BEGIN EXTRACTED RECORDS

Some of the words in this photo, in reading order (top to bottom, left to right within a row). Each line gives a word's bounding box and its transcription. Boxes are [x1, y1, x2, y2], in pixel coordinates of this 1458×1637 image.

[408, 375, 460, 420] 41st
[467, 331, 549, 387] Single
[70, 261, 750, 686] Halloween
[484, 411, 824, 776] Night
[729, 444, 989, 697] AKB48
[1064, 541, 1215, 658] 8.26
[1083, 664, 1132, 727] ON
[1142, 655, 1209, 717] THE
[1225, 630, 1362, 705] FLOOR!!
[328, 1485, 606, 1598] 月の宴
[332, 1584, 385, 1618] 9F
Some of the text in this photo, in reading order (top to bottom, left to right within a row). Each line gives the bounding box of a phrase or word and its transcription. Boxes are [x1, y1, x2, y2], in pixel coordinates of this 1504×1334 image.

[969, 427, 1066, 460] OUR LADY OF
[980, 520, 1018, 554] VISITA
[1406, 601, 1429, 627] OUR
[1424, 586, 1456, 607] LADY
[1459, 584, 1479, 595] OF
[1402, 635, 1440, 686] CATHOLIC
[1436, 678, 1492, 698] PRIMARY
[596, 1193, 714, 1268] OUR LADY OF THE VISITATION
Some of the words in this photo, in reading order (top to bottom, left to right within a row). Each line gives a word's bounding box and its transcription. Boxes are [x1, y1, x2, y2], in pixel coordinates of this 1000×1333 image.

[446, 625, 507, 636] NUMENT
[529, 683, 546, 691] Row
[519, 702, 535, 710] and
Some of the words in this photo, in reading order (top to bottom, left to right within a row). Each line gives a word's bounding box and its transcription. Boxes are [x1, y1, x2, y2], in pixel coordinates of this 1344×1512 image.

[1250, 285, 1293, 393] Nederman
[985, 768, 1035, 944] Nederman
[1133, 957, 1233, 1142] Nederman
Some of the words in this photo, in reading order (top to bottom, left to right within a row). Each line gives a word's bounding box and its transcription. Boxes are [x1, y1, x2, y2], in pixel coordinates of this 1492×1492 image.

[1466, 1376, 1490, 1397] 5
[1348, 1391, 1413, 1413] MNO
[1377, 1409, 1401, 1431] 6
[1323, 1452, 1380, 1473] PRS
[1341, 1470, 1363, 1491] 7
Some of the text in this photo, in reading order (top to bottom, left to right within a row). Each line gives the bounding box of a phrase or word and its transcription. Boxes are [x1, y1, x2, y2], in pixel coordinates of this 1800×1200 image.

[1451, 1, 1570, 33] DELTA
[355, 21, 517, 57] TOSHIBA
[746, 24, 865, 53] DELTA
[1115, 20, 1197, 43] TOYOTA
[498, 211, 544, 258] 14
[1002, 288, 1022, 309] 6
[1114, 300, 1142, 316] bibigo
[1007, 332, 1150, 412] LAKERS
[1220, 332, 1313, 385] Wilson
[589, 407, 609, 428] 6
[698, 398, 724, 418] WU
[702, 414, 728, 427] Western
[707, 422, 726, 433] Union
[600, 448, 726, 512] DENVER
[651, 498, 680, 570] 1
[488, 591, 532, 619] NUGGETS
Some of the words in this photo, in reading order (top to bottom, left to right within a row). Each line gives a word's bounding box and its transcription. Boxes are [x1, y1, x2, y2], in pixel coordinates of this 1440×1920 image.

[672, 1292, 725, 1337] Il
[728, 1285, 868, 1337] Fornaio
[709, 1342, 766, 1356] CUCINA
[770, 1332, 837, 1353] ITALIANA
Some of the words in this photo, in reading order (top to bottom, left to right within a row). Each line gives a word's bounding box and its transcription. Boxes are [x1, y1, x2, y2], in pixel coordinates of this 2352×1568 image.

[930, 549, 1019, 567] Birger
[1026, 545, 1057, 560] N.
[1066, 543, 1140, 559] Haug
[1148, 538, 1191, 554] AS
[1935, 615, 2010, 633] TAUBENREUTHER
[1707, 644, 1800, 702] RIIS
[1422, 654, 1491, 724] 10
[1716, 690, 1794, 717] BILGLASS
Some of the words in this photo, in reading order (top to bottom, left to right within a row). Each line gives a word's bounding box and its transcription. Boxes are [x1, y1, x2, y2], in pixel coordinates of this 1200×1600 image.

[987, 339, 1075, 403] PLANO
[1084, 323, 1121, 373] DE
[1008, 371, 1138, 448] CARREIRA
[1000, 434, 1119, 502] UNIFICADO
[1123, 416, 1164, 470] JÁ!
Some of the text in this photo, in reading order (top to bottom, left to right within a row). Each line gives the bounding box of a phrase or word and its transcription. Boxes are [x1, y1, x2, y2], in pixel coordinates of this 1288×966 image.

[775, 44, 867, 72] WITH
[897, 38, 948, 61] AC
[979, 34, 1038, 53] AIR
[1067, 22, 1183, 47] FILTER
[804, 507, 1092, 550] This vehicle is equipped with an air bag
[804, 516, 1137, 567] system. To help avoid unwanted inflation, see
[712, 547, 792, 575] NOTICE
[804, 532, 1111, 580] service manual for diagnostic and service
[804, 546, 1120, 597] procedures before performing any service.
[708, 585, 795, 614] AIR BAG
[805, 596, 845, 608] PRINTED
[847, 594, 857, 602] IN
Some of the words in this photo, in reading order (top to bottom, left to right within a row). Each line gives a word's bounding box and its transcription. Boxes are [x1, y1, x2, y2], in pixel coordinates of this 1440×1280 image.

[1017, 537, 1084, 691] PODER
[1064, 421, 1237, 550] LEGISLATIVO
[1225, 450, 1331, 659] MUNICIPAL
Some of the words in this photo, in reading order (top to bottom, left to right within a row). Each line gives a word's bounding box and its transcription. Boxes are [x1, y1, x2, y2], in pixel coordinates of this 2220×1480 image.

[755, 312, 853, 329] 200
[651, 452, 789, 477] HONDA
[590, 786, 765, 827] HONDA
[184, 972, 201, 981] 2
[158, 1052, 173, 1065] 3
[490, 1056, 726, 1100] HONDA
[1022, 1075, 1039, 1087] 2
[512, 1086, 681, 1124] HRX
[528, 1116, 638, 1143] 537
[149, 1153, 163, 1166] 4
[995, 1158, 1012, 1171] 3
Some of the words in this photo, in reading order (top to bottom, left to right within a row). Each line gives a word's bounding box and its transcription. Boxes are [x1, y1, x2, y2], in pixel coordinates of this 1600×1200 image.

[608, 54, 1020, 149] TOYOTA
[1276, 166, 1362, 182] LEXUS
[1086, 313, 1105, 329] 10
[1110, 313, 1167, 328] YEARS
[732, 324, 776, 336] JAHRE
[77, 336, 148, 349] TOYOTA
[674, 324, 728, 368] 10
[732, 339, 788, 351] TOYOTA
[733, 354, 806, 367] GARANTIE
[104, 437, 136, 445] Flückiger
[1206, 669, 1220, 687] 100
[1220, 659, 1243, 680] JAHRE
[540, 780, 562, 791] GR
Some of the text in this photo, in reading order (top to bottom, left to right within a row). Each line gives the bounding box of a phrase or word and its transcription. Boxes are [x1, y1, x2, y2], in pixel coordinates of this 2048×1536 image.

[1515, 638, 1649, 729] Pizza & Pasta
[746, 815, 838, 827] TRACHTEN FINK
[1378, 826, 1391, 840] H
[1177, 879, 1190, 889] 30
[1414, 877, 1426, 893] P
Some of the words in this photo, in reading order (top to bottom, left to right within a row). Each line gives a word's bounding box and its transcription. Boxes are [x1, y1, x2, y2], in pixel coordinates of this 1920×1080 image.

END EXTRACTED RECORDS

▶ PROBLEM DETAILS: After locating the line with "this 1440×1280 image." in the records above, please set down that line and all later ones exactly, and no other line.

▶ WRITTEN SOLUTION:
Some of the words in this photo, in reading order (top to bottom, left to right within a row). Each line gives a word's bounding box and its transcription. Boxes are [x1, y1, x2, y2], in pixel coordinates of this 1440×1280 image.

[1017, 537, 1084, 691] PODER
[1064, 421, 1237, 550] LEGISLATIVO
[1225, 450, 1331, 659] MUNICIPAL
Some of the words in this photo, in reading order (top to bottom, left to right within a row). Each line gives a word's bounding box and its transcription. Boxes are [x1, y1, x2, y2], in pixel coordinates of this 2220×1480 image.

[755, 312, 853, 329] 200
[651, 452, 789, 477] HONDA
[590, 786, 765, 827] HONDA
[184, 972, 201, 981] 2
[158, 1052, 173, 1065] 3
[490, 1056, 726, 1100] HONDA
[1022, 1075, 1039, 1087] 2
[512, 1086, 681, 1124] HRX
[528, 1116, 638, 1143] 537
[149, 1153, 163, 1166] 4
[995, 1158, 1012, 1171] 3
Some of the words in this photo, in reading order (top to bottom, left to right within a row). Each line gives a word's bounding box and its transcription. Boxes are [x1, y1, x2, y2], in pixel coordinates of this 1600×1200 image.

[608, 54, 1020, 149] TOYOTA
[1276, 166, 1362, 182] LEXUS
[1086, 313, 1105, 329] 10
[1110, 313, 1167, 328] YEARS
[732, 324, 776, 336] JAHRE
[77, 336, 148, 349] TOYOTA
[674, 324, 728, 368] 10
[732, 339, 788, 351] TOYOTA
[733, 354, 806, 367] GARANTIE
[104, 437, 136, 445] Flückiger
[1206, 669, 1220, 687] 100
[1220, 659, 1243, 680] JAHRE
[540, 780, 562, 791] GR
Some of the text in this photo, in reading order (top to bottom, left to right within a row). Each line gives the bounding box of a phrase or word and its transcription. Boxes are [x1, y1, x2, y2], in pixel coordinates of this 2048×1536 image.

[1515, 638, 1649, 729] Pizza & Pasta
[746, 815, 838, 827] TRACHTEN FINK
[1378, 826, 1391, 840] H
[1177, 879, 1190, 889] 30
[1414, 877, 1426, 893] P
Some of the words in this photo, in reading order (top to bottom, left to right within a row). Each line gives a word's bounding box and its transcription. Boxes are [x1, y1, x2, y2], in pixel coordinates of this 1920×1080 image.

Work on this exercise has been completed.